Alternatively a flexible or at least partially flexible printed
circuit board may be used to provide the conductors 6. In the
latter case the flexible part may serve to bridge the mechanical
interface between substrate 2 and supporting body 7. The connector
5 is made such, that it can be coupled electrically to an external
unit in releasable manner. Thus it is easily possible to
interchange LED modules 1 with different output wavelength,
intensity or angular beam pattern or to exchange LED modules 1 at
the end of their service life.
[0045] In this and all of the following examples the substrate bulk
material or at least parts of it are preferably electrically
insulating to allow electrical separation of conductors 6 with
different voltage potential.
[0046] In FIG. 1B an LED module 10 of almost the same configuration
as in FIG. 1A is shown. However, instead of attaching the connector
5 directly to the supporting body 7 of the LED module 10, an
electrical conductor 8 is provided between the supporting body 7
and the connector 5. Conductor 8 may be a rigid structure, such as
a standard printed circuit board, but preferably the conductor 8 is
flexible to simplify installation of the LED module 10. Such a
flexible conductor 8 may be constituted by a flexible printed
circuit board or a cable assembly.
[0047] FIG. 1C shows an LED module 20, in which all relevant
components are in direct contact with the substrate 22. Just to
exemplify various LED configurations, here two LEDs 3 are shown,
which are directly mounted onto the substrate 22. To remove heat
from the LEDs 3 the substrate 22 preferably consists of a thermally
conductive material like a thermally conductive ceramic material
such as alumina or aluminum nitride or a composite structure like
for example a base made of metals with high thermal conductivity
such as aluminum or copper or an alloy of these metals and an
electrically insulating structure. Adjacent to the substrate a
sensor 4 is provided, which has the same function as the sensor 4
in FIG. 1A. Again of course several sensors 4 of different type or
of the same type may be incorporated in the LED module 20.
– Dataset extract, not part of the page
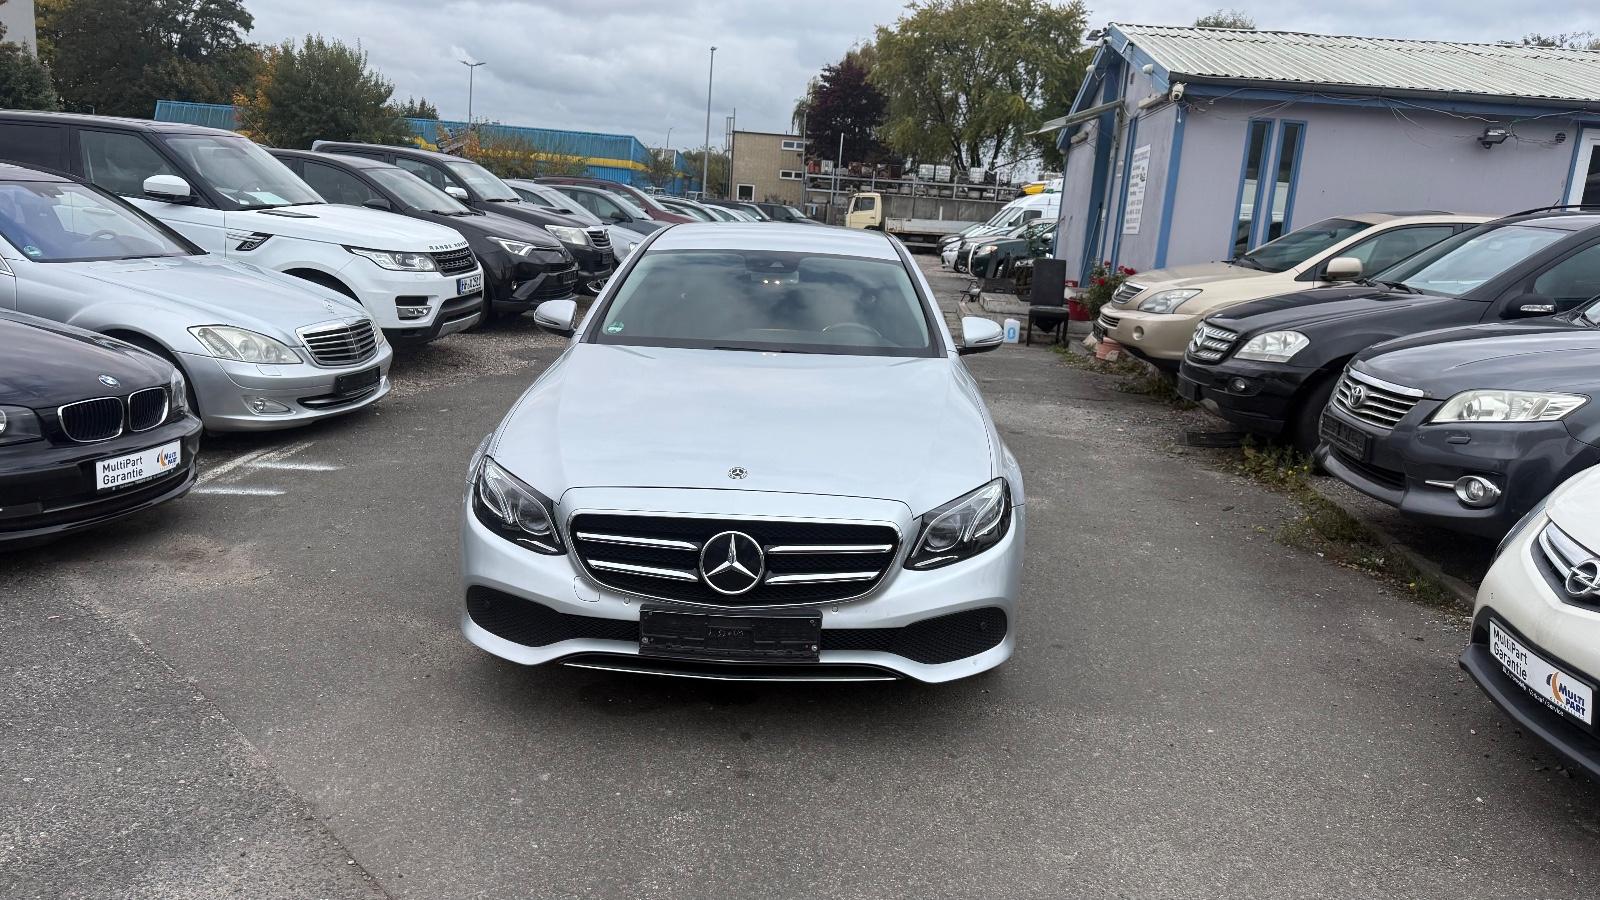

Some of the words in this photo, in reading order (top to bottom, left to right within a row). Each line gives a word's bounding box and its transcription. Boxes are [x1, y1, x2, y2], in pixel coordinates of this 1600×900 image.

Electrical conductors 6 are also included to provide electrical
circuitry to couple the LEDs 3 and the sensor 4 to a connector 5
which may be releasably coupled to an external unit. Even though it
is not shown here, an intermediate conductor between the substrate
22 and the connector 5 like in FIG. 1B may be used as well to
simplify installation of the LED module 20.
[0048] FIG. 1D shows another version of the LED module 30. The LED
3 is in direct contact with a substrate 32, which preferably
consists of a thermally conductive and at least partially
electrically insulating material as described above. Since many
substrate materials like ceramics are delicate to handle,
especially when a planar substrate is used, an additional
supporting body 37 is provided, which is in direct contact with the
substrate 32. Supporting body 37 may serve as a thermal interface
with a larger surface than the substrate 32, thus improving heat
flow to the ambient. Therefore it is preferably made of thermally
conductive materials like metals, ceramics or composite
structures.
[0049] Electrical conductors 6 are provided to electrically contact
the LED 3. To connect the conductors 6 to the connector 5 a more or
less rigid electrical conductor structure 38 and a flexible
electrical conductor structure 39 are provided. The rigid conductor
structure 38 may, for example, be a rigid printed circuit board,
which is mounted to the supporting body 37. Preferably a sensor 4
is mounted to the rigid conductor 38, as well as to the connector
5. Thus the rigid conductor structure 38 may serve as a mechanical
mounting structure for the connector 5 and the sensor 4, bringing
the sensor 4 into a well defined position in relation to the
supporting body 37. The flexible conductor 39 may for example
consist of a cable assembly or a flexible printed circuit board.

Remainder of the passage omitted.